== Your goal ==
Set down, without alteration, the lines from the one that contains "Some of the text" through the final line of the material below.

== Data to use ==

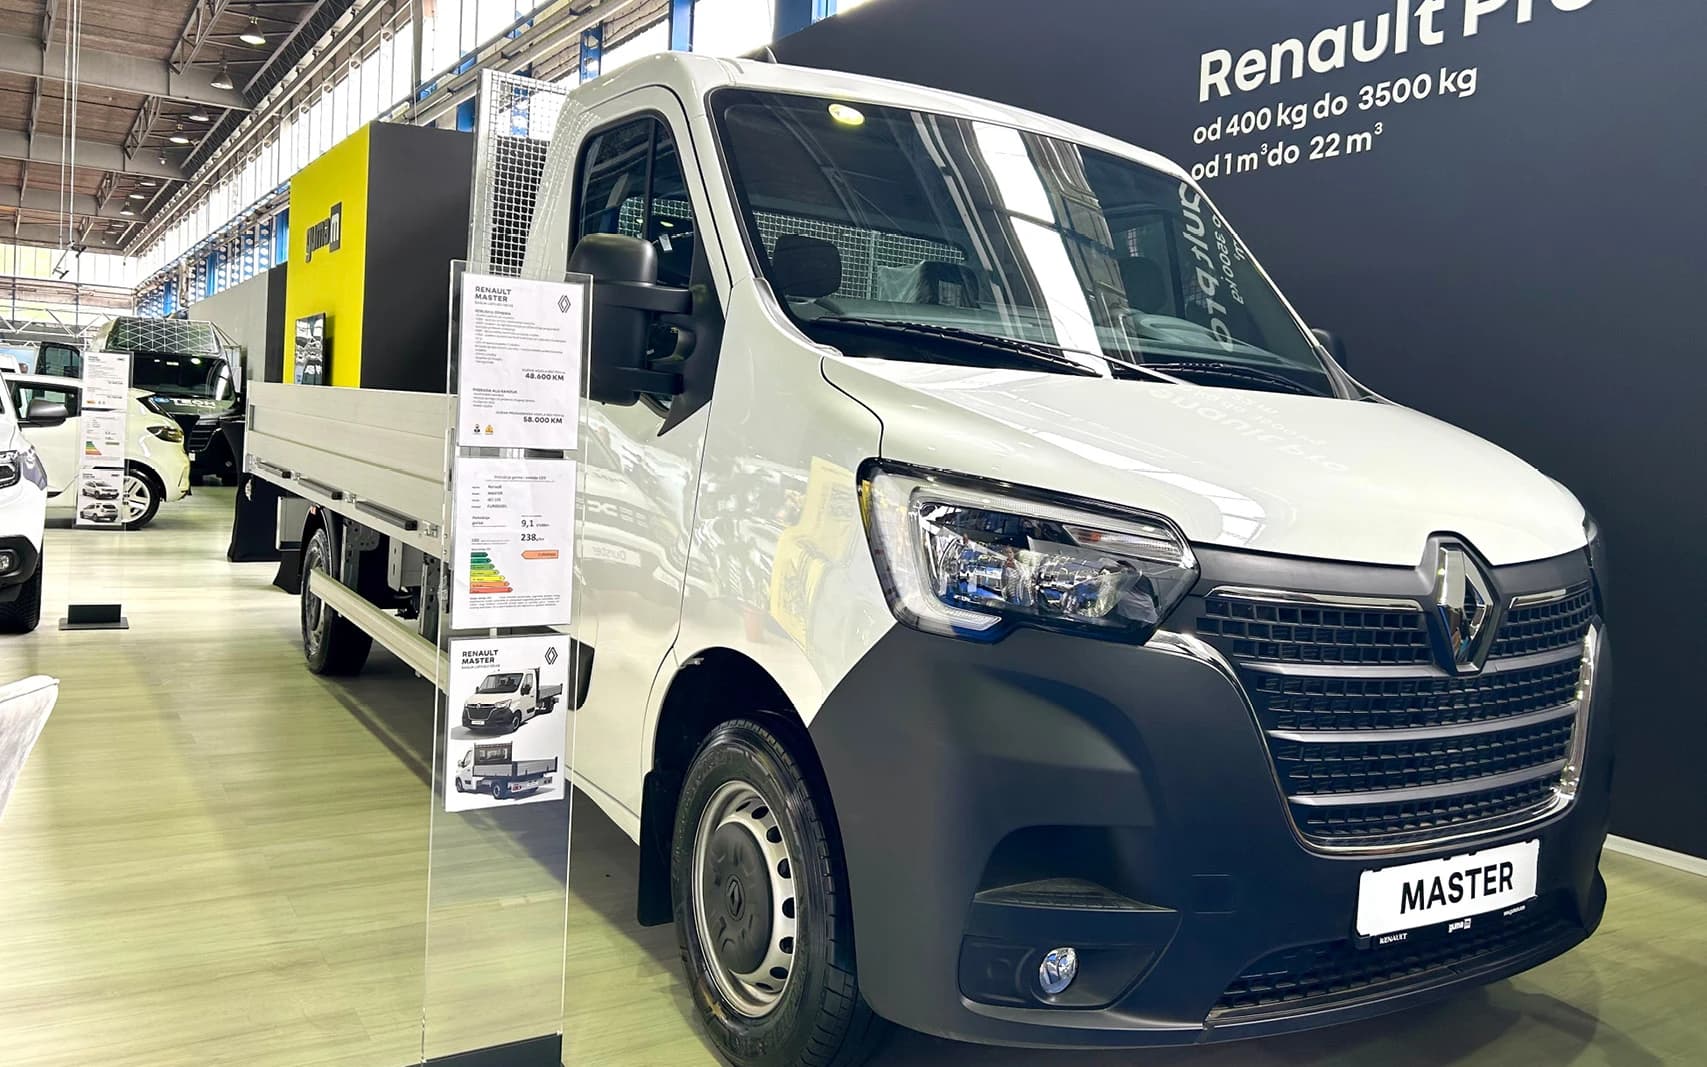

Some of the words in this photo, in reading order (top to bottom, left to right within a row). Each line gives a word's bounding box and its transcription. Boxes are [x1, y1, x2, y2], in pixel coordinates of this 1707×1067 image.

[1200, 0, 1445, 102] Renault
[1193, 117, 1222, 144] od
[1225, 107, 1271, 137] 400
[1276, 102, 1308, 130] kg
[1312, 93, 1348, 120] do
[1357, 73, 1432, 110] 3500
[1439, 67, 1477, 97] kg
[1191, 153, 1219, 181] od
[1224, 153, 1233, 175] 1
[1267, 142, 1300, 168] do
[1309, 133, 1341, 160] 22
[475, 286, 512, 296] RENAULT
[474, 293, 508, 302] MASTER
[552, 374, 565, 382] KM
[462, 649, 499, 658] RENAULT
[1400, 861, 1513, 914] MASTER
[1379, 932, 1407, 944] RENAULT
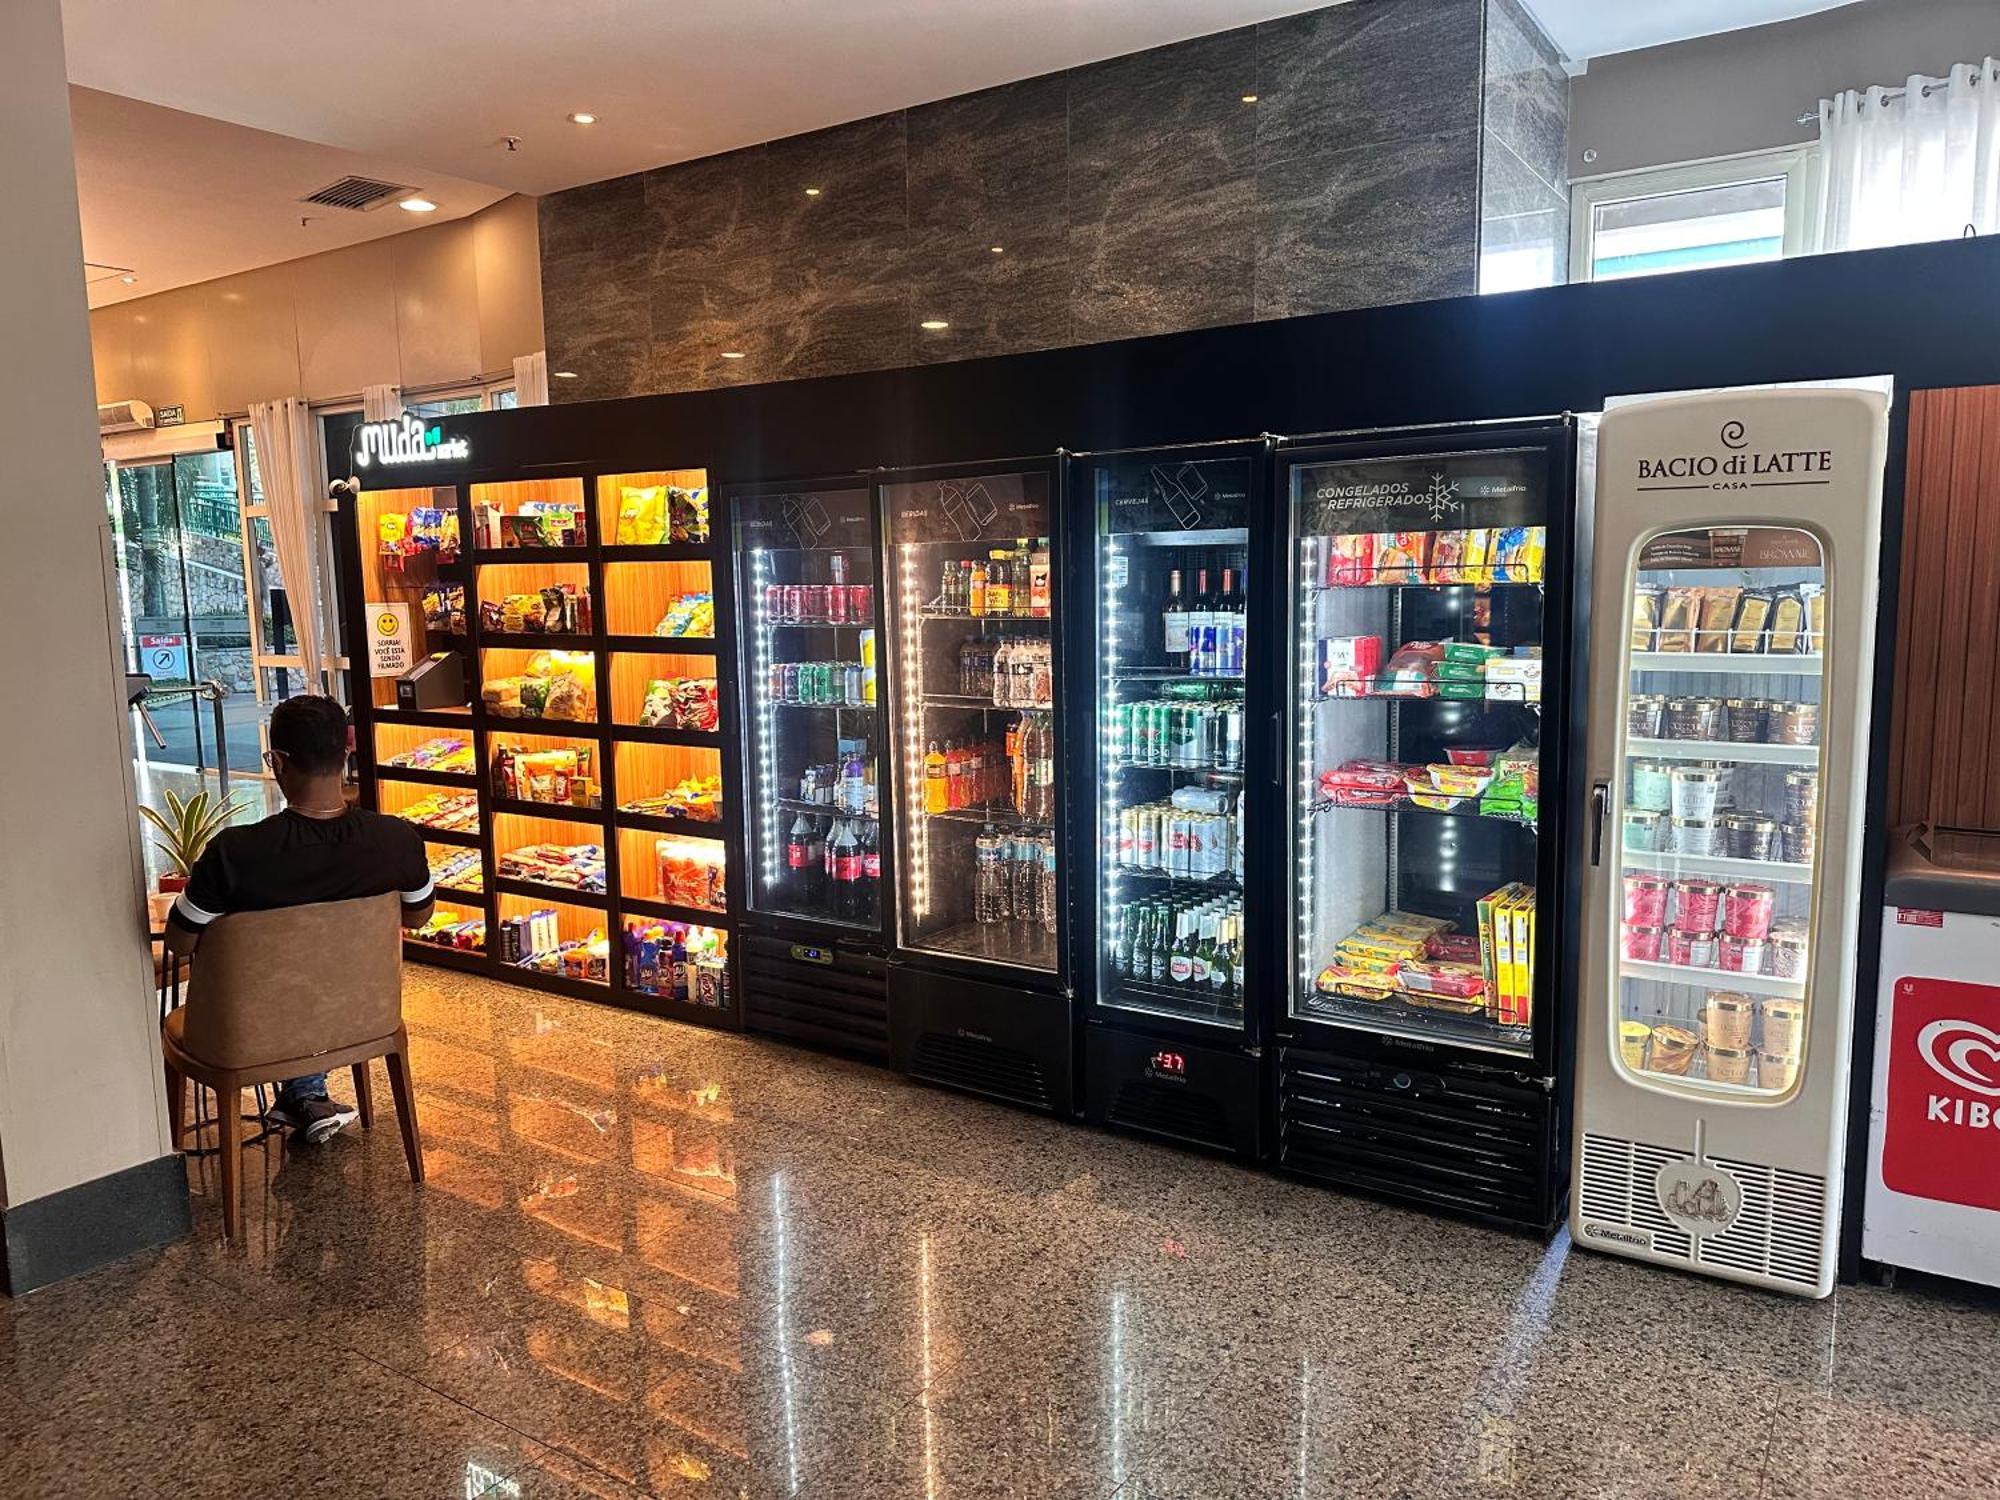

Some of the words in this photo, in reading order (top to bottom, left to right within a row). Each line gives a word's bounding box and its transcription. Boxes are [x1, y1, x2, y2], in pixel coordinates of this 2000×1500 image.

[1638, 455, 1718, 479] BACIO
[1723, 455, 1746, 475] di
[1752, 450, 1832, 474] LATTE
[1316, 482, 1409, 499] CONGELADOS
[1712, 482, 1748, 490] CASA
[1600, 1229, 1647, 1245] Metalfrio
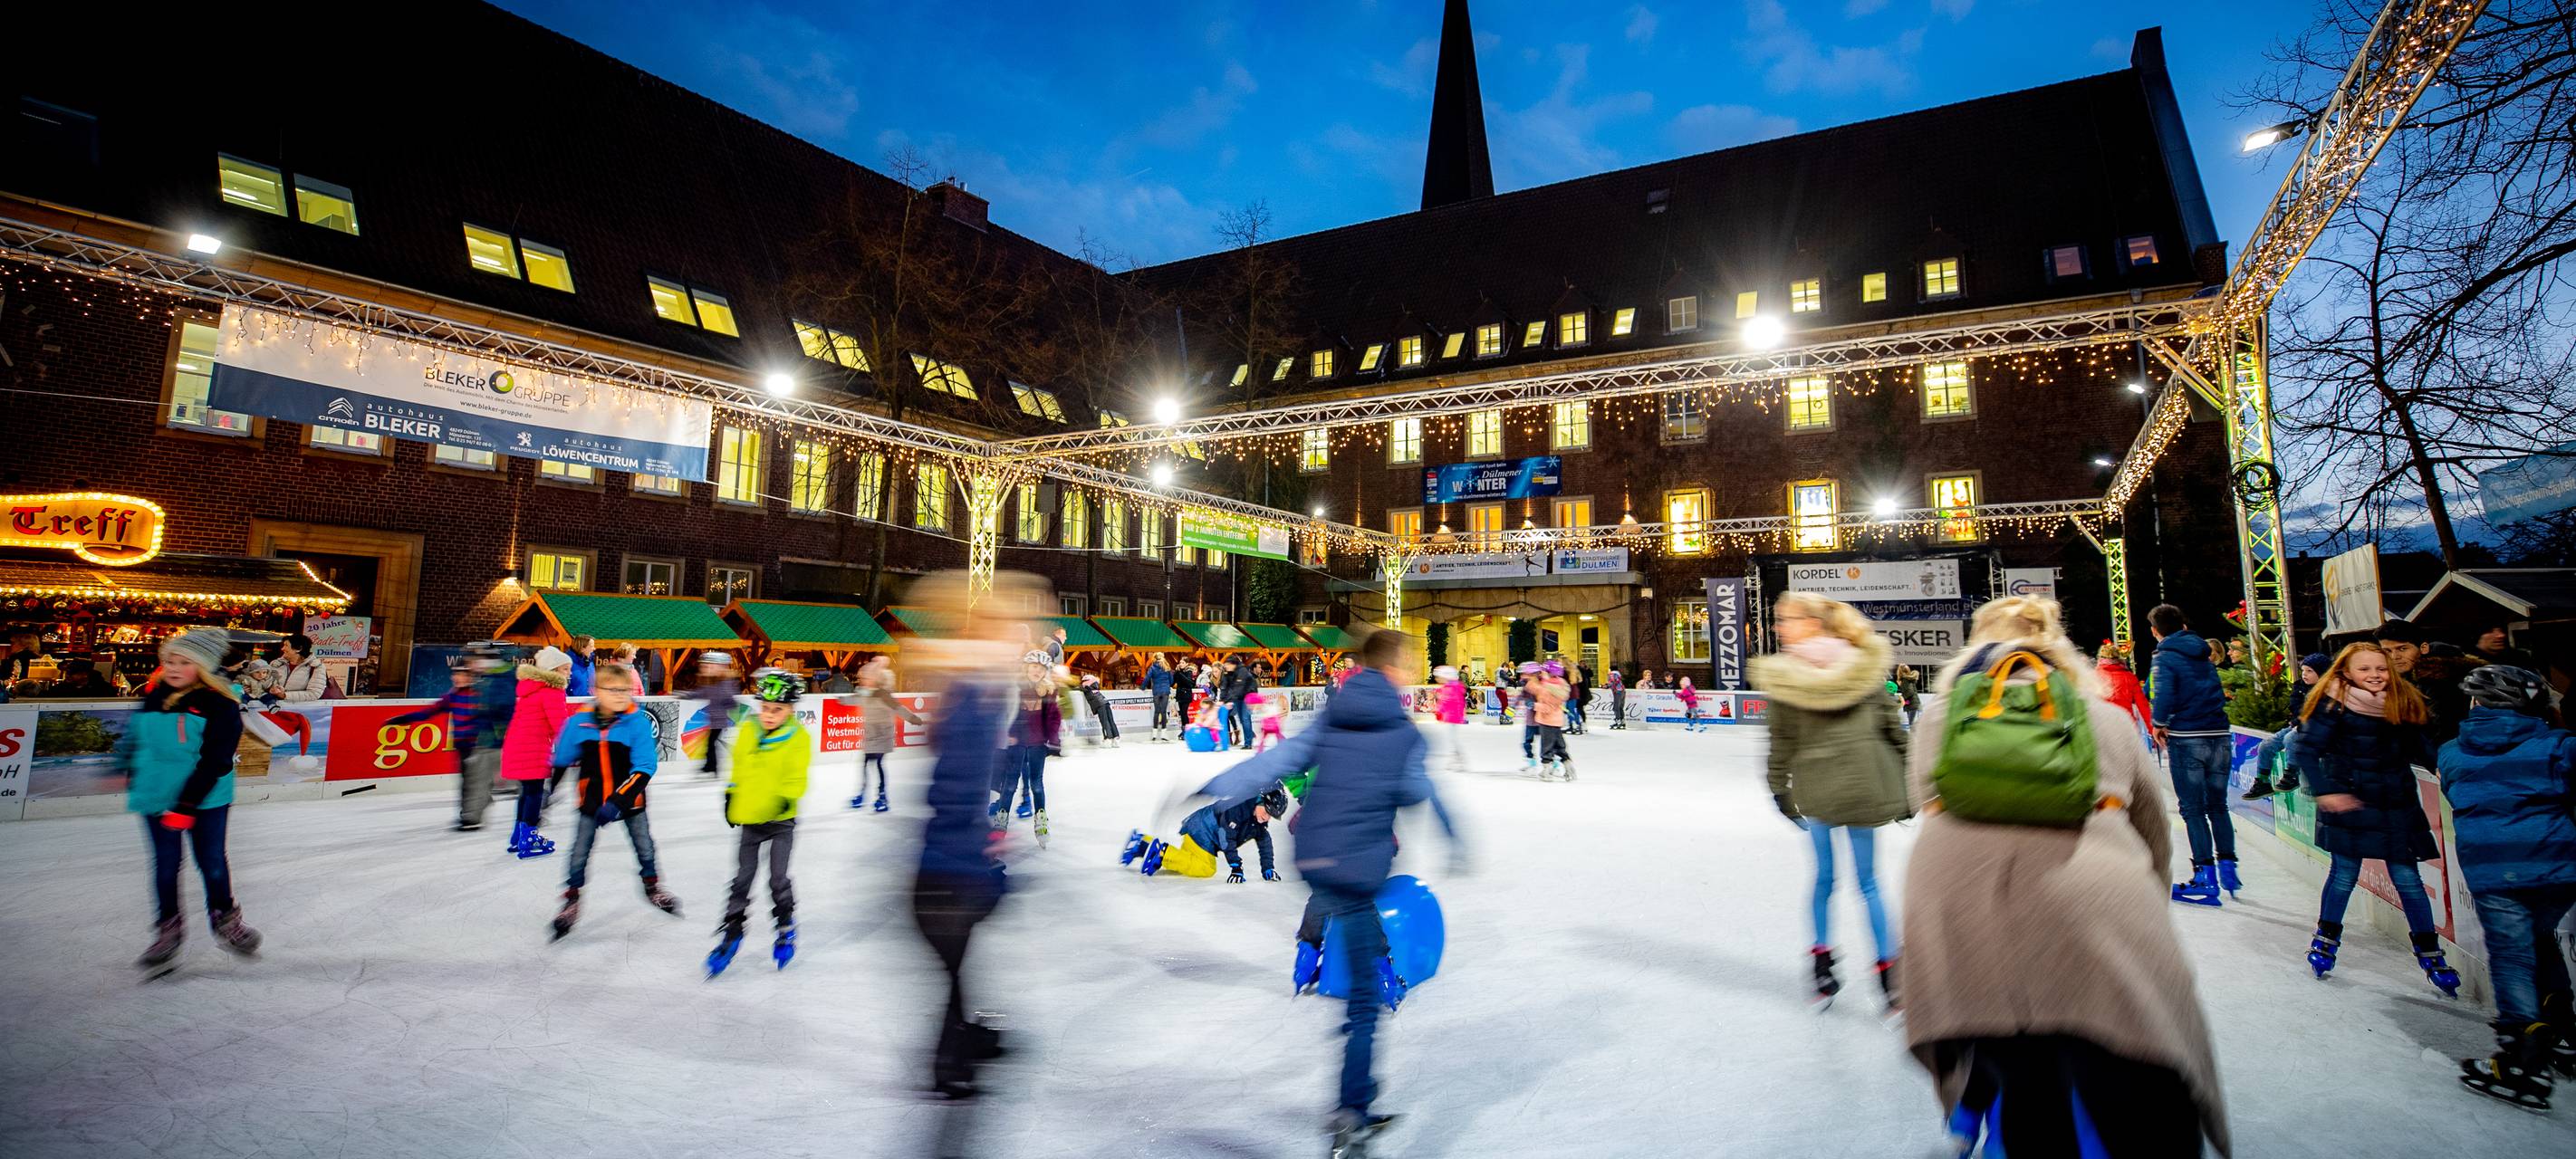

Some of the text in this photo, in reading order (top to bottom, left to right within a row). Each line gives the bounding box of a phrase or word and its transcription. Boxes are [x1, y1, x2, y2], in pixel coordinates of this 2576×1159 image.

[425, 367, 572, 407] BLEKER GRUPPE
[367, 402, 444, 422] autohaus
[459, 399, 533, 419] www.bleker-gruppe.de
[318, 415, 360, 426] CITROËN
[364, 413, 441, 439] BLEKER
[510, 445, 541, 455] PEUGEOT
[564, 436, 622, 451] autohaus
[543, 445, 639, 469] LÖWENCENTRUM
[1482, 469, 1523, 479] Dülmener
[8, 505, 137, 542] Treff
[1581, 560, 1618, 569] DÜLMEN
[1793, 569, 1841, 580] KORDEL
[1862, 600, 1960, 615] Westmünsterland
[306, 618, 348, 632] 20 Jahre
[1716, 582, 1741, 692] MEZZOMAR
[316, 648, 352, 656] Dülmen
[826, 741, 841, 751] Gut
[841, 740, 854, 750] für

== Response box ==
Some of the text in this photo, in reading order (top to bottom, left to right within a row). Each line gives the bounding box of a phrase or word and its transcription. Boxes are [x1, y1, x2, y2], in pixel coordinates of this 2576×1159 image.

[425, 367, 572, 407] BLEKER GRUPPE
[367, 402, 444, 422] autohaus
[459, 399, 533, 419] www.bleker-gruppe.de
[318, 415, 360, 426] CITROËN
[364, 413, 441, 439] BLEKER
[510, 445, 541, 455] PEUGEOT
[564, 436, 622, 451] autohaus
[543, 445, 639, 469] LÖWENCENTRUM
[1482, 469, 1523, 479] Dülmener
[8, 505, 137, 542] Treff
[1581, 560, 1618, 569] DÜLMEN
[1793, 569, 1841, 580] KORDEL
[1862, 600, 1960, 615] Westmünsterland
[306, 618, 348, 632] 20 Jahre
[1716, 582, 1741, 692] MEZZOMAR
[316, 648, 352, 656] Dülmen
[826, 741, 841, 751] Gut
[841, 740, 854, 750] für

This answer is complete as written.